Christopher Caldwell
The Age of Entitlement — p. 120
What Caldwell is describing here is what has been called the new proletariat. It was this coalition of the aggrieved minority as combined with the feminist and the pervert class who would provide the muscle for the long march through the Institutions. The new proletariat would no longer be tied together by class status but rather the new proletariat would be tied together into a coalition by their grievance against white Christian patriarchal males who had previously victimized the new victim coalition.
The electoral majorities that Caldwell references is that very coalition that Democrats are now depending upon to catapult them into office. The Democrat base consists of;
1.) Aggrieved minorities
2.) Suburban College Educated Feminists
3.) Pervert power
The Democrats are no longer contending for the White Christian middle class in America choosing instead to label them as “deplorables,” “irredeemable,” and “bitter clingers.”
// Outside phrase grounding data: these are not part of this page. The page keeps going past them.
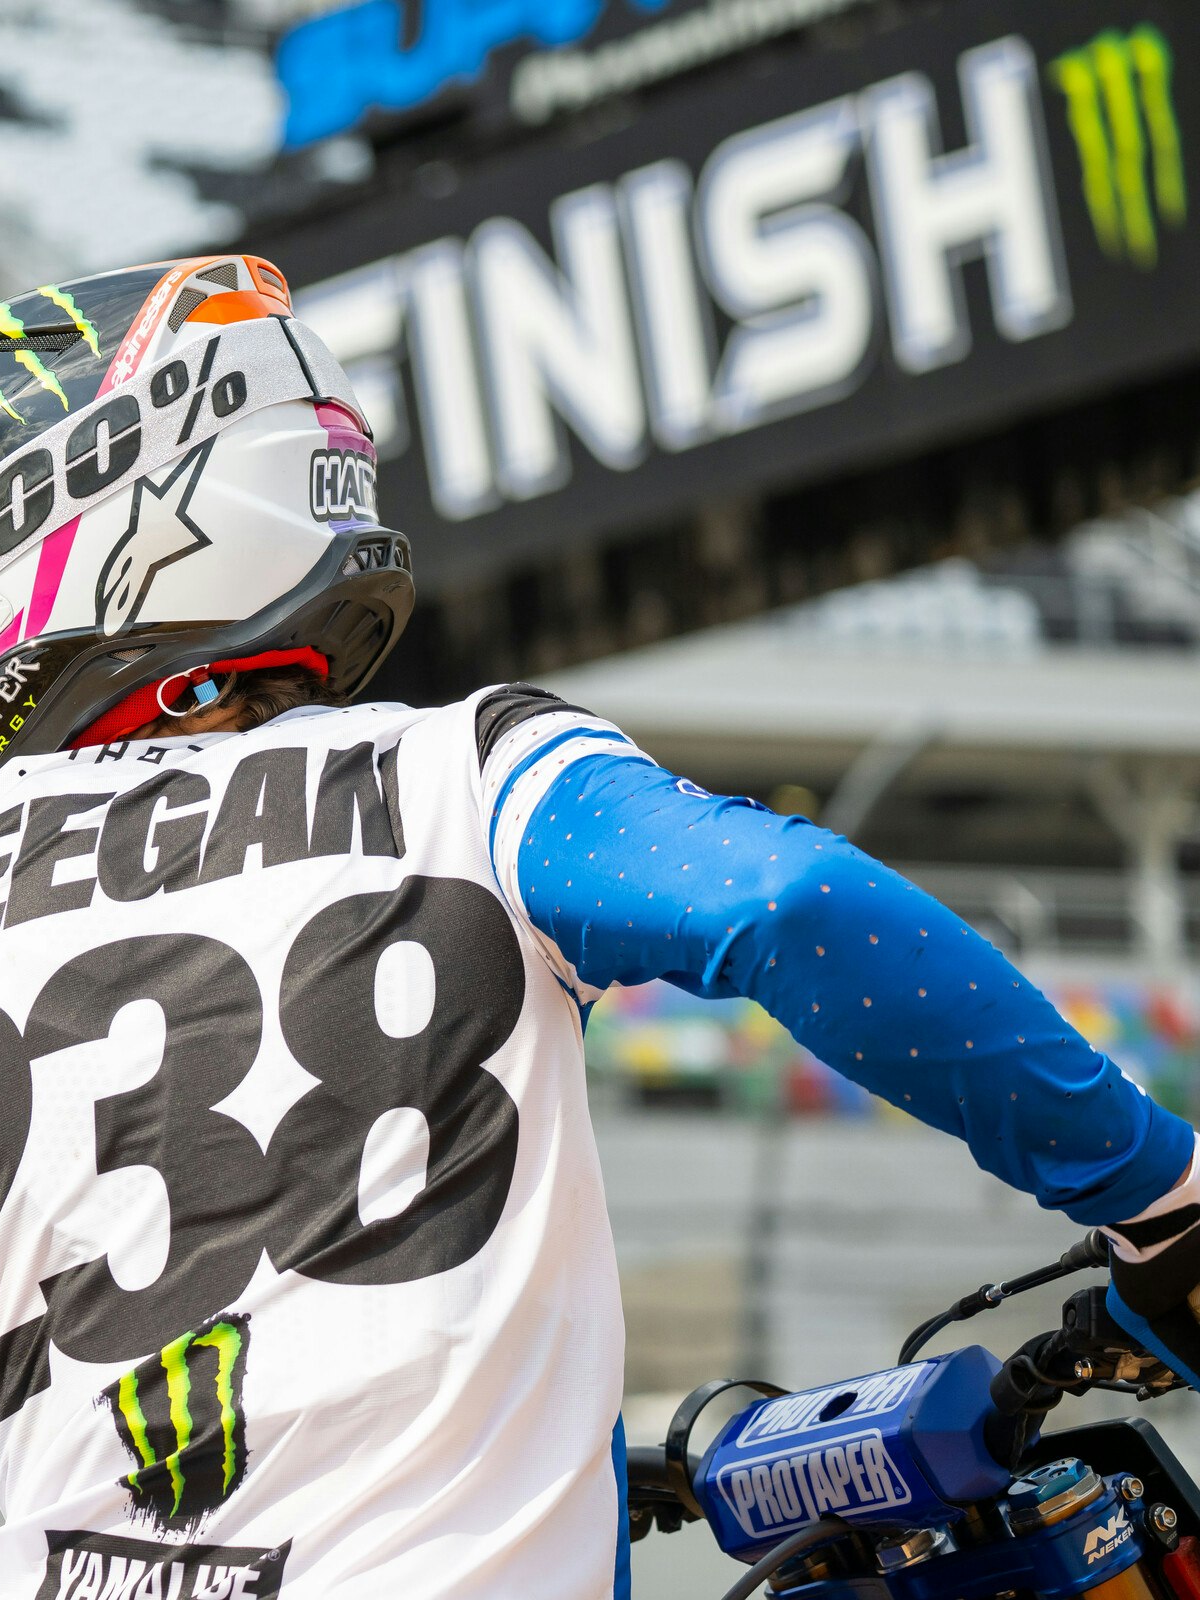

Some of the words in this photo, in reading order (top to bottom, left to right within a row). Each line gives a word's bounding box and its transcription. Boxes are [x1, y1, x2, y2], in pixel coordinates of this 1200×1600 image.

[110, 270, 183, 388] alpinestars
[730, 1437, 897, 1530] PROTAPER
[1087, 1522, 1135, 1565] NEKEN
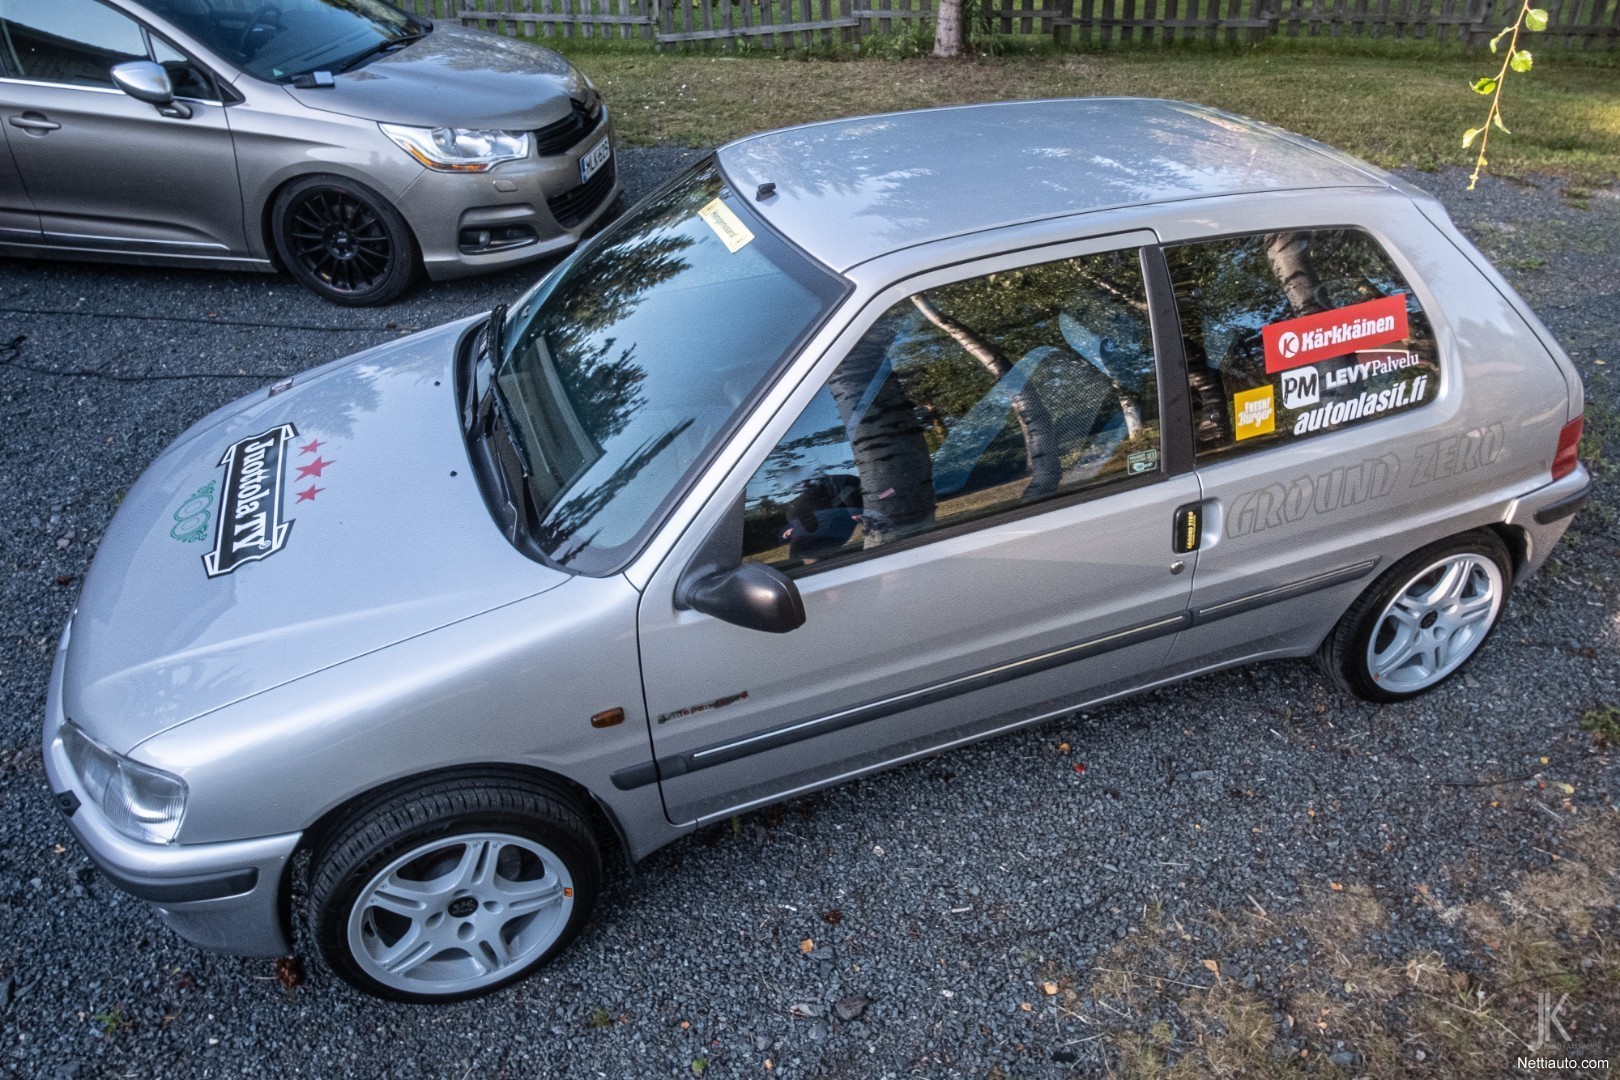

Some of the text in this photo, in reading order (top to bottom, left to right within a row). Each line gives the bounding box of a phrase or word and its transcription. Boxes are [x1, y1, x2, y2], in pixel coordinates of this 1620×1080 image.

[1301, 315, 1395, 352] Kärkkäinen
[1244, 396, 1271, 412] FRESH!
[1284, 372, 1318, 406] PM
[1293, 375, 1428, 436] autonlasit.fi
[1237, 407, 1273, 428] Burger
[232, 437, 275, 553] Juottola TV
[1226, 453, 1401, 539] GROUND
[1409, 421, 1504, 488] ZERO
Caldwell also hints here at what he brings out with clarity elsewhere and that is the Civil Rights laws forever changed America because they institutionalized grievance and victimization. People would advance now by joining with the some identity group that proclaimed how their civil rights were violated. Those belonging to a Civil Rights created Identity group had discovered strength through weakness. This new Civil Rights ethos legalized the ascendancy of the weak by criminalizing the previous authority structures of employers, patriarchs, and Institutions that were the gatekeepers of the previous Christian moral givens of the culture. Everything was stood on its head. The shrill, the pervert, the immoral, and the irresponsible were legally protected by Civil Rights legislation from the consequences of their behavior as the expense of those who operated by what might be called the previously honored Christian code.